Text-to-region grounding data:
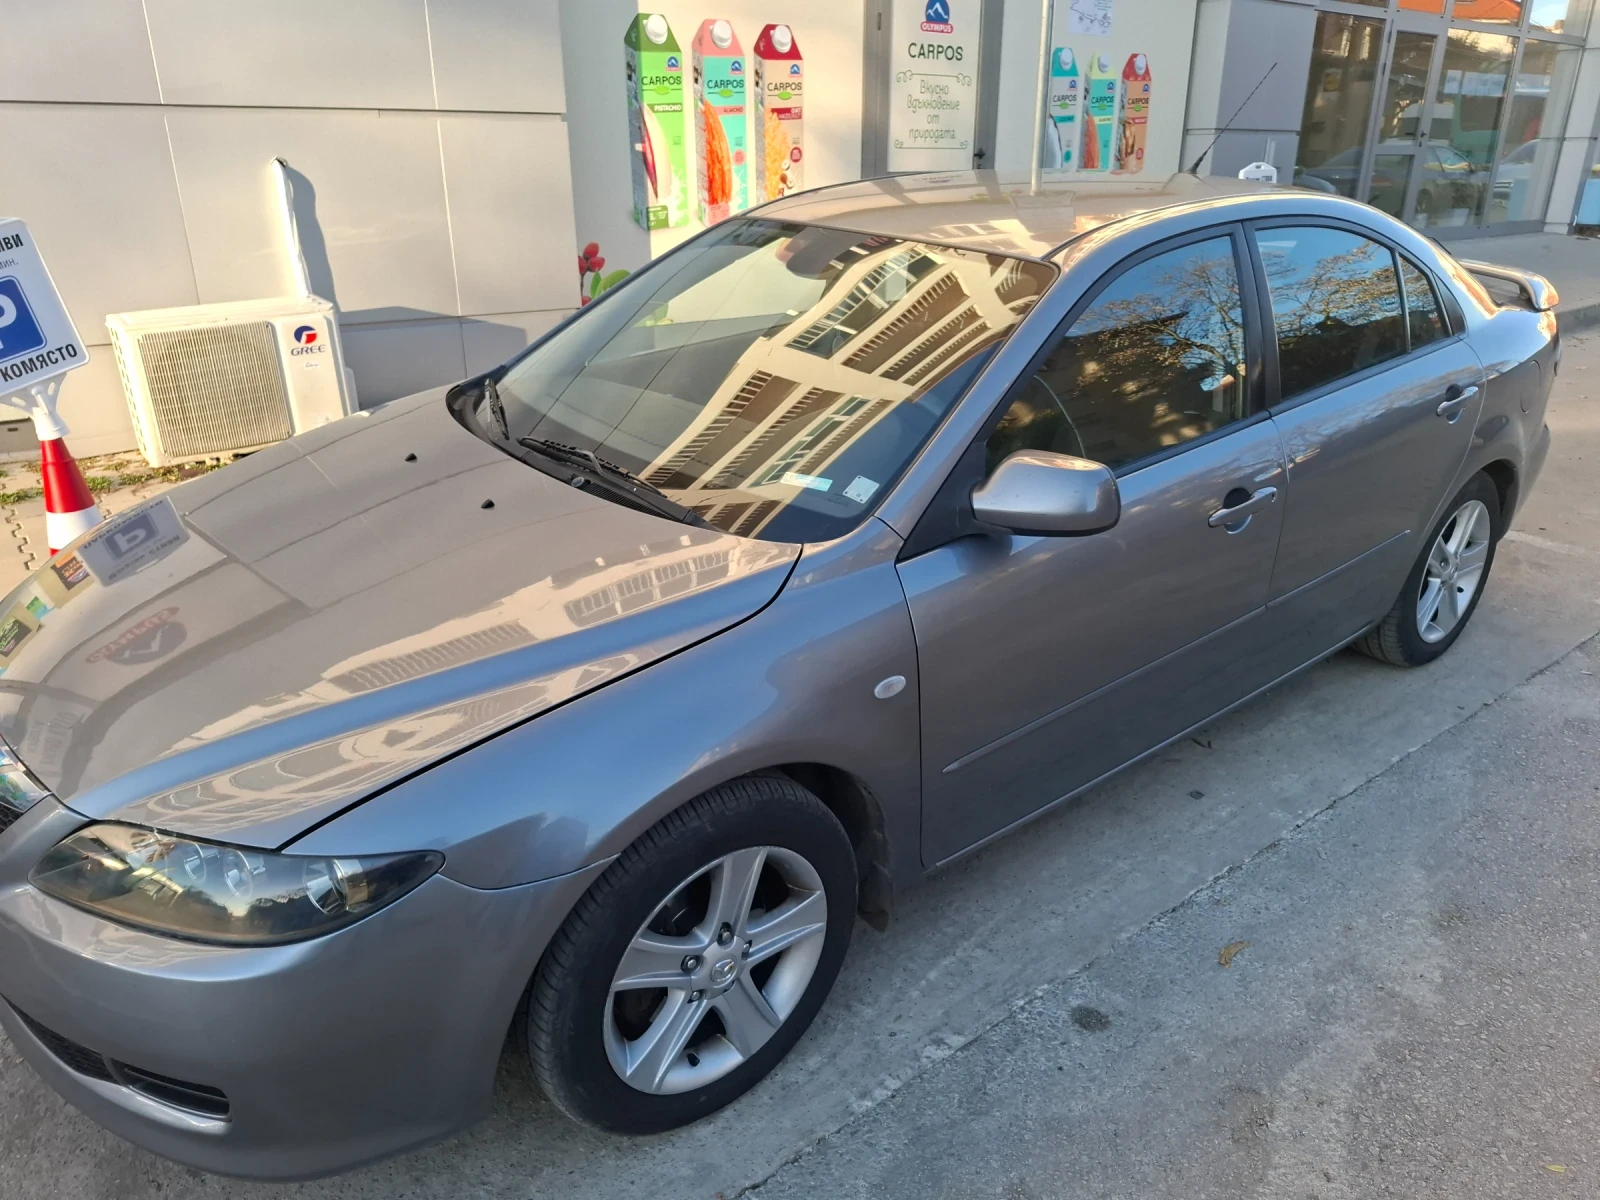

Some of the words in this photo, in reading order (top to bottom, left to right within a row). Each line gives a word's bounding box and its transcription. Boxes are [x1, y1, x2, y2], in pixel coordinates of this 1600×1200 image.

[922, 22, 952, 33] OLYMPUS
[908, 42, 964, 61] CARPOS
[641, 75, 682, 86] CARPOS
[706, 79, 745, 89] CARPOS
[767, 82, 803, 91] CARPOS
[920, 79, 949, 99] Вкусно
[1052, 94, 1077, 103] CARPOS
[1090, 96, 1115, 105] CARPOS
[1127, 97, 1149, 105] CARPOS
[291, 344, 326, 356] GREE
[0, 343, 78, 382] КОМЯСТО

REQUIREMENT —
Your job is to repeat the data exactly, leaving each picture out.

RESULT OF THE EXERCISE —
Some of the words in this photo, in reading order (top to bottom, left to right within a row). Each line gives a word's bounding box and its transcription. Boxes are [x1, y1, x2, y2], in pixel coordinates of this 1600×1200 image.

[922, 22, 952, 33] OLYMPUS
[908, 42, 964, 61] CARPOS
[641, 75, 682, 86] CARPOS
[706, 79, 745, 89] CARPOS
[767, 82, 803, 91] CARPOS
[920, 79, 949, 99] Вкусно
[1052, 94, 1077, 103] CARPOS
[1090, 96, 1115, 105] CARPOS
[1127, 97, 1149, 105] CARPOS
[291, 344, 326, 356] GREE
[0, 343, 78, 382] КОМЯСТО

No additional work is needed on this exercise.